Some participating artists, like Lani Vlaanderen and Teresa Vito, have been with the gallery since the start; others, like Margaretta Caesar and Sheri Farabaugh, are newer additions. Brenda Hendrix, Jody Rigsby, Mike Natale, and Mikael Olson are also exhibiting. Although there’s no explicit theme, given the spring season, Conley anticipates many of the works giving a nod to the idea of renewal.
Margaretta Caesar’s entire painting career has been a story of reinvention. A substitute teacher for 27 years, she’s been painting for only nine years and has embraced the role of an emerging artist. “I’ve liked being an emerging artist—learning and experimenting, growing and playing. Why would you ever want to emerge? But I have emerged, and I do know who I am,” she says.
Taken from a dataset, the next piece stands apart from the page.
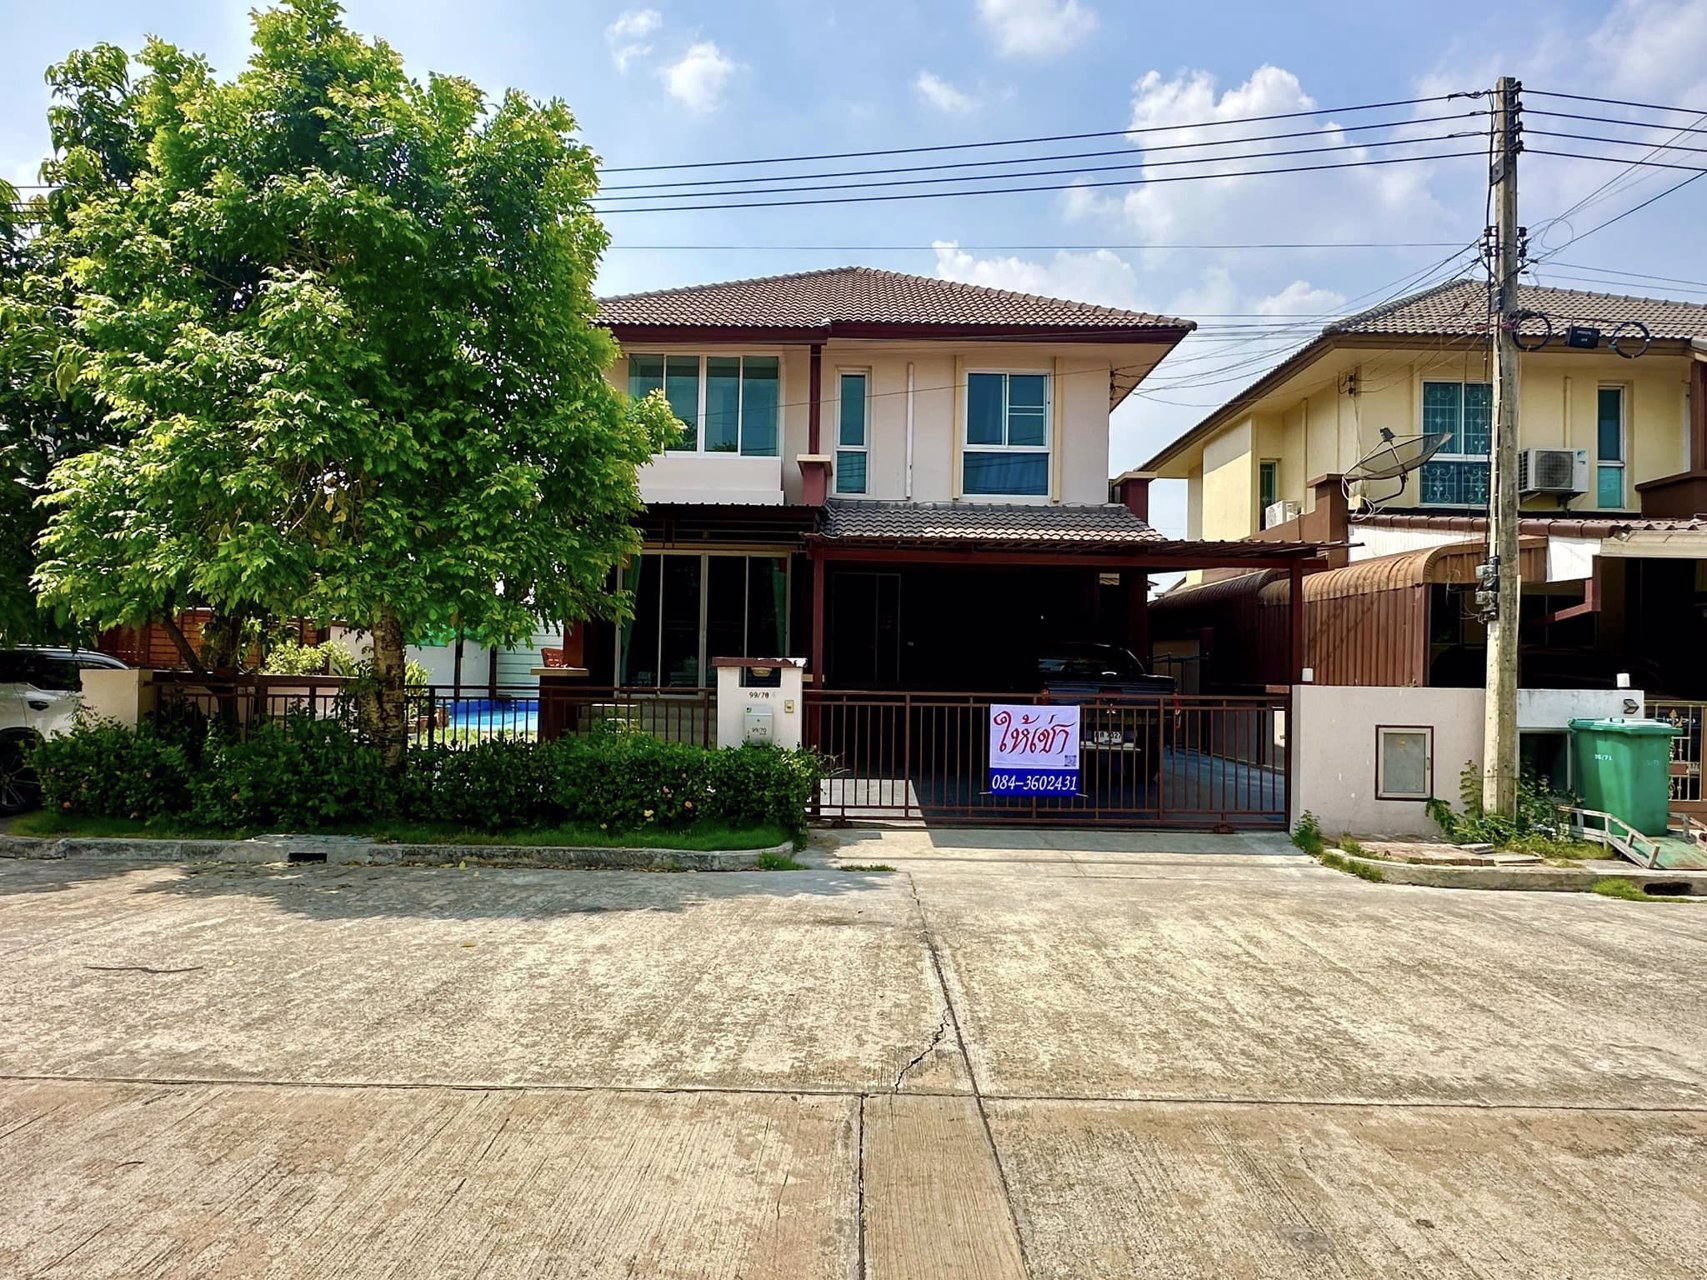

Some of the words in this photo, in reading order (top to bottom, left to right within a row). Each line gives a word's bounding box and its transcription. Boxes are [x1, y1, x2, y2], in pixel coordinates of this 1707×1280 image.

[993, 710, 1076, 754] ให้เช่า
[992, 774, 1077, 790] 084-3602431
She’s found her voice in color—in luscious reds and dreamy blues, fiery oranges and subtle greens. And she’s found her message in layers of paint, with brush strokes so thick that viewers can see the bristle marks. For this show she draws on her perennial subject matter, the foothills and mountains near her home in Morrison, CO, and in New Mexico, and the open skies and dramatic cloudscapes of the West. Though she’s certainly hit her stride, she’s not done with discovery. “I don’t want to make it sound like I’ve reached a pinnacle, and it’s all come together. But I’ve reached a confidence in my work. I still thrive on experimentation and learning,” she says.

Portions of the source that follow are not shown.